DATA EXCERPTS =
↓↓↓

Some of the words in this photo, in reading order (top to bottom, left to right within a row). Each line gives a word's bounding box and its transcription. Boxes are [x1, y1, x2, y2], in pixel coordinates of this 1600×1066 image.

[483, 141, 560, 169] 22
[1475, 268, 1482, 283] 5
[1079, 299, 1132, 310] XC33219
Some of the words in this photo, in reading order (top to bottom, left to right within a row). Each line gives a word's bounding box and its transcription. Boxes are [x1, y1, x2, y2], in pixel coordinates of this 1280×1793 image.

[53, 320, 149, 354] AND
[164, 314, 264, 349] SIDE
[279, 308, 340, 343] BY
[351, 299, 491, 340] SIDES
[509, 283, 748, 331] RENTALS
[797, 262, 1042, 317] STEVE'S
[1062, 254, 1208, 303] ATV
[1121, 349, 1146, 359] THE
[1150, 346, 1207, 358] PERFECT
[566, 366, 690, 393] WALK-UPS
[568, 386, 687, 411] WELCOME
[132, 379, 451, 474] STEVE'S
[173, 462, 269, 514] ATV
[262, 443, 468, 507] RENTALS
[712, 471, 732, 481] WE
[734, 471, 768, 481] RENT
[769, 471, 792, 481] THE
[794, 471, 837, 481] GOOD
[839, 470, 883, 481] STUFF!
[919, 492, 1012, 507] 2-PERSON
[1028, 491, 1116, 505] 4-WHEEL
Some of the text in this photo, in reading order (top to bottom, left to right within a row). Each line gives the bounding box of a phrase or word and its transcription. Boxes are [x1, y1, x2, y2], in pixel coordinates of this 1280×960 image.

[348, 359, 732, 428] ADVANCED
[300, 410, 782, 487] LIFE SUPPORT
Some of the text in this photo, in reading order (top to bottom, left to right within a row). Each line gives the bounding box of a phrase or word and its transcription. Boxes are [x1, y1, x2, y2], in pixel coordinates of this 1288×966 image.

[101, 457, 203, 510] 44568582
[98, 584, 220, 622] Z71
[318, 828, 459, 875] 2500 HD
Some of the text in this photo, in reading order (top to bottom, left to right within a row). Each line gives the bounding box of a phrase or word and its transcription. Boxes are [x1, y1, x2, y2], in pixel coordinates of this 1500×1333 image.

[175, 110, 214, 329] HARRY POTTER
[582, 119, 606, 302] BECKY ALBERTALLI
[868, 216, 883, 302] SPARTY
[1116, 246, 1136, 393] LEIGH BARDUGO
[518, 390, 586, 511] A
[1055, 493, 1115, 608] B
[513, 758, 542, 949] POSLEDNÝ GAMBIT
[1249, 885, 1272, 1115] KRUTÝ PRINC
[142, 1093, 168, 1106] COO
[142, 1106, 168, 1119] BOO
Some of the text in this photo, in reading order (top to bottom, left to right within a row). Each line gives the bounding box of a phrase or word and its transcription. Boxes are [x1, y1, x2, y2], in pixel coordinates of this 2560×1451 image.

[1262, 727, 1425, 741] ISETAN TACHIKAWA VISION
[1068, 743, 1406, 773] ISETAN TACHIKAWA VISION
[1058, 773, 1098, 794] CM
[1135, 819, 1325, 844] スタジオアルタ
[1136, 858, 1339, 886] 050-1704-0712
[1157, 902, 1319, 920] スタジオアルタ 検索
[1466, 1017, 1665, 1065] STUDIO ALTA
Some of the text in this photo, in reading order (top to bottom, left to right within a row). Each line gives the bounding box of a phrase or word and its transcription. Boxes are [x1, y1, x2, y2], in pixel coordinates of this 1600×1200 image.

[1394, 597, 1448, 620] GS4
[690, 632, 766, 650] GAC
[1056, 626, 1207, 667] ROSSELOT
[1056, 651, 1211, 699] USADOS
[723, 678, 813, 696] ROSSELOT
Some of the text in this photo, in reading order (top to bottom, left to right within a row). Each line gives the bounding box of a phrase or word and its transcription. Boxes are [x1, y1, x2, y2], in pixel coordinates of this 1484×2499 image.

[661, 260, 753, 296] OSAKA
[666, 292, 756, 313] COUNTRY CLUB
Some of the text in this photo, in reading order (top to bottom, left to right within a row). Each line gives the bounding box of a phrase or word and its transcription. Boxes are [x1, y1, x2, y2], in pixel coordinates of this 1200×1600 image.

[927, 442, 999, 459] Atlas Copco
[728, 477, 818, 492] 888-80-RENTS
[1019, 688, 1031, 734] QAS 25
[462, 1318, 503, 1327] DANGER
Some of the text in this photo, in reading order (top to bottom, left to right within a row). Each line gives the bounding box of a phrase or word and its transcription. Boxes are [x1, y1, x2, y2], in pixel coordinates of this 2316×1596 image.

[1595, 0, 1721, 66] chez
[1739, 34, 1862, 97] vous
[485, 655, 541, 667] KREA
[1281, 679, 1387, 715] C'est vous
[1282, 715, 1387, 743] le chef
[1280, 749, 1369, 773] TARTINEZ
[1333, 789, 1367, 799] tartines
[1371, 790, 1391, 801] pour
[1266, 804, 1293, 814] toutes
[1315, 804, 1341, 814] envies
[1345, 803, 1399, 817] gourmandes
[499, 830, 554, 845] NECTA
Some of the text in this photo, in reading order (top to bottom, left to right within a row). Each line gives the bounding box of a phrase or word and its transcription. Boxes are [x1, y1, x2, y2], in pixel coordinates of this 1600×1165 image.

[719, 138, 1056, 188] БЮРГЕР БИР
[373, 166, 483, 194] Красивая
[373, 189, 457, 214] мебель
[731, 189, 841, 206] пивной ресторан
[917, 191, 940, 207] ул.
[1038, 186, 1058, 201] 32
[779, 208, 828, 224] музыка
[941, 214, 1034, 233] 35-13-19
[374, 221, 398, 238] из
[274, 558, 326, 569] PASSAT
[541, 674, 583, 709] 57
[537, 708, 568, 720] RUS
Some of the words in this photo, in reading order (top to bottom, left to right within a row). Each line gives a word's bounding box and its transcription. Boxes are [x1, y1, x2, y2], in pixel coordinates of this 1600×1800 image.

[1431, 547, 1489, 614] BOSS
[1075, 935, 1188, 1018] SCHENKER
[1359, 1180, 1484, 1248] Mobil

↑↑↑

TASK PROMPT =
Write the entries out again, exactly and completely.

OUTPUT FOR THIS EXERCISE =
Some of the words in this photo, in reading order (top to bottom, left to right within a row). Each line gives a word's bounding box and its transcription. Boxes are [x1, y1, x2, y2], in pixel coordinates of this 1600×1066 image.

[483, 141, 560, 169] 22
[1475, 268, 1482, 283] 5
[1079, 299, 1132, 310] XC33219
Some of the words in this photo, in reading order (top to bottom, left to right within a row). Each line gives a word's bounding box and its transcription. Boxes are [x1, y1, x2, y2], in pixel coordinates of this 1280×1793 image.

[53, 320, 149, 354] AND
[164, 314, 264, 349] SIDE
[279, 308, 340, 343] BY
[351, 299, 491, 340] SIDES
[509, 283, 748, 331] RENTALS
[797, 262, 1042, 317] STEVE'S
[1062, 254, 1208, 303] ATV
[1121, 349, 1146, 359] THE
[1150, 346, 1207, 358] PERFECT
[566, 366, 690, 393] WALK-UPS
[568, 386, 687, 411] WELCOME
[132, 379, 451, 474] STEVE'S
[173, 462, 269, 514] ATV
[262, 443, 468, 507] RENTALS
[712, 471, 732, 481] WE
[734, 471, 768, 481] RENT
[769, 471, 792, 481] THE
[794, 471, 837, 481] GOOD
[839, 470, 883, 481] STUFF!
[919, 492, 1012, 507] 2-PERSON
[1028, 491, 1116, 505] 4-WHEEL
Some of the text in this photo, in reading order (top to bottom, left to right within a row). Each line gives the bounding box of a phrase or word and its transcription. Boxes are [x1, y1, x2, y2], in pixel coordinates of this 1280×960 image.

[348, 359, 732, 428] ADVANCED
[300, 410, 782, 487] LIFE SUPPORT
Some of the text in this photo, in reading order (top to bottom, left to right within a row). Each line gives the bounding box of a phrase or word and its transcription. Boxes are [x1, y1, x2, y2], in pixel coordinates of this 1288×966 image.

[101, 457, 203, 510] 44568582
[98, 584, 220, 622] Z71
[318, 828, 459, 875] 2500 HD
Some of the text in this photo, in reading order (top to bottom, left to right within a row). Each line gives the bounding box of a phrase or word and its transcription. Boxes are [x1, y1, x2, y2], in pixel coordinates of this 1500×1333 image.

[175, 110, 214, 329] HARRY POTTER
[582, 119, 606, 302] BECKY ALBERTALLI
[868, 216, 883, 302] SPARTY
[1116, 246, 1136, 393] LEIGH BARDUGO
[518, 390, 586, 511] A
[1055, 493, 1115, 608] B
[513, 758, 542, 949] POSLEDNÝ GAMBIT
[1249, 885, 1272, 1115] KRUTÝ PRINC
[142, 1093, 168, 1106] COO
[142, 1106, 168, 1119] BOO
Some of the text in this photo, in reading order (top to bottom, left to right within a row). Each line gives the bounding box of a phrase or word and its transcription. Boxes are [x1, y1, x2, y2], in pixel coordinates of this 2560×1451 image.

[1262, 727, 1425, 741] ISETAN TACHIKAWA VISION
[1068, 743, 1406, 773] ISETAN TACHIKAWA VISION
[1058, 773, 1098, 794] CM
[1135, 819, 1325, 844] スタジオアルタ
[1136, 858, 1339, 886] 050-1704-0712
[1157, 902, 1319, 920] スタジオアルタ 検索
[1466, 1017, 1665, 1065] STUDIO ALTA
Some of the text in this photo, in reading order (top to bottom, left to right within a row). Each line gives the bounding box of a phrase or word and its transcription. Boxes are [x1, y1, x2, y2], in pixel coordinates of this 1600×1200 image.

[1394, 597, 1448, 620] GS4
[690, 632, 766, 650] GAC
[1056, 626, 1207, 667] ROSSELOT
[1056, 651, 1211, 699] USADOS
[723, 678, 813, 696] ROSSELOT
Some of the text in this photo, in reading order (top to bottom, left to right within a row). Each line gives the bounding box of a phrase or word and its transcription. Boxes are [x1, y1, x2, y2], in pixel coordinates of this 1484×2499 image.

[661, 260, 753, 296] OSAKA
[666, 292, 756, 313] COUNTRY CLUB
Some of the text in this photo, in reading order (top to bottom, left to right within a row). Each line gives the bounding box of a phrase or word and its transcription. Boxes are [x1, y1, x2, y2], in pixel coordinates of this 1200×1600 image.

[927, 442, 999, 459] Atlas Copco
[728, 477, 818, 492] 888-80-RENTS
[1019, 688, 1031, 734] QAS 25
[462, 1318, 503, 1327] DANGER
Some of the text in this photo, in reading order (top to bottom, left to right within a row). Each line gives the bounding box of a phrase or word and its transcription. Boxes are [x1, y1, x2, y2], in pixel coordinates of this 2316×1596 image.

[1595, 0, 1721, 66] chez
[1739, 34, 1862, 97] vous
[485, 655, 541, 667] KREA
[1281, 679, 1387, 715] C'est vous
[1282, 715, 1387, 743] le chef
[1280, 749, 1369, 773] TARTINEZ
[1333, 789, 1367, 799] tartines
[1371, 790, 1391, 801] pour
[1266, 804, 1293, 814] toutes
[1315, 804, 1341, 814] envies
[1345, 803, 1399, 817] gourmandes
[499, 830, 554, 845] NECTA
Some of the text in this photo, in reading order (top to bottom, left to right within a row). Each line gives the bounding box of a phrase or word and its transcription. Boxes are [x1, y1, x2, y2], in pixel coordinates of this 1600×1165 image.

[719, 138, 1056, 188] БЮРГЕР БИР
[373, 166, 483, 194] Красивая
[373, 189, 457, 214] мебель
[731, 189, 841, 206] пивной ресторан
[917, 191, 940, 207] ул.
[1038, 186, 1058, 201] 32
[779, 208, 828, 224] музыка
[941, 214, 1034, 233] 35-13-19
[374, 221, 398, 238] из
[274, 558, 326, 569] PASSAT
[541, 674, 583, 709] 57
[537, 708, 568, 720] RUS
Some of the words in this photo, in reading order (top to bottom, left to right within a row). Each line gives a word's bounding box and its transcription. Boxes are [x1, y1, x2, y2], in pixel coordinates of this 1600×1800 image.

[1431, 547, 1489, 614] BOSS
[1075, 935, 1188, 1018] SCHENKER
[1359, 1180, 1484, 1248] Mobil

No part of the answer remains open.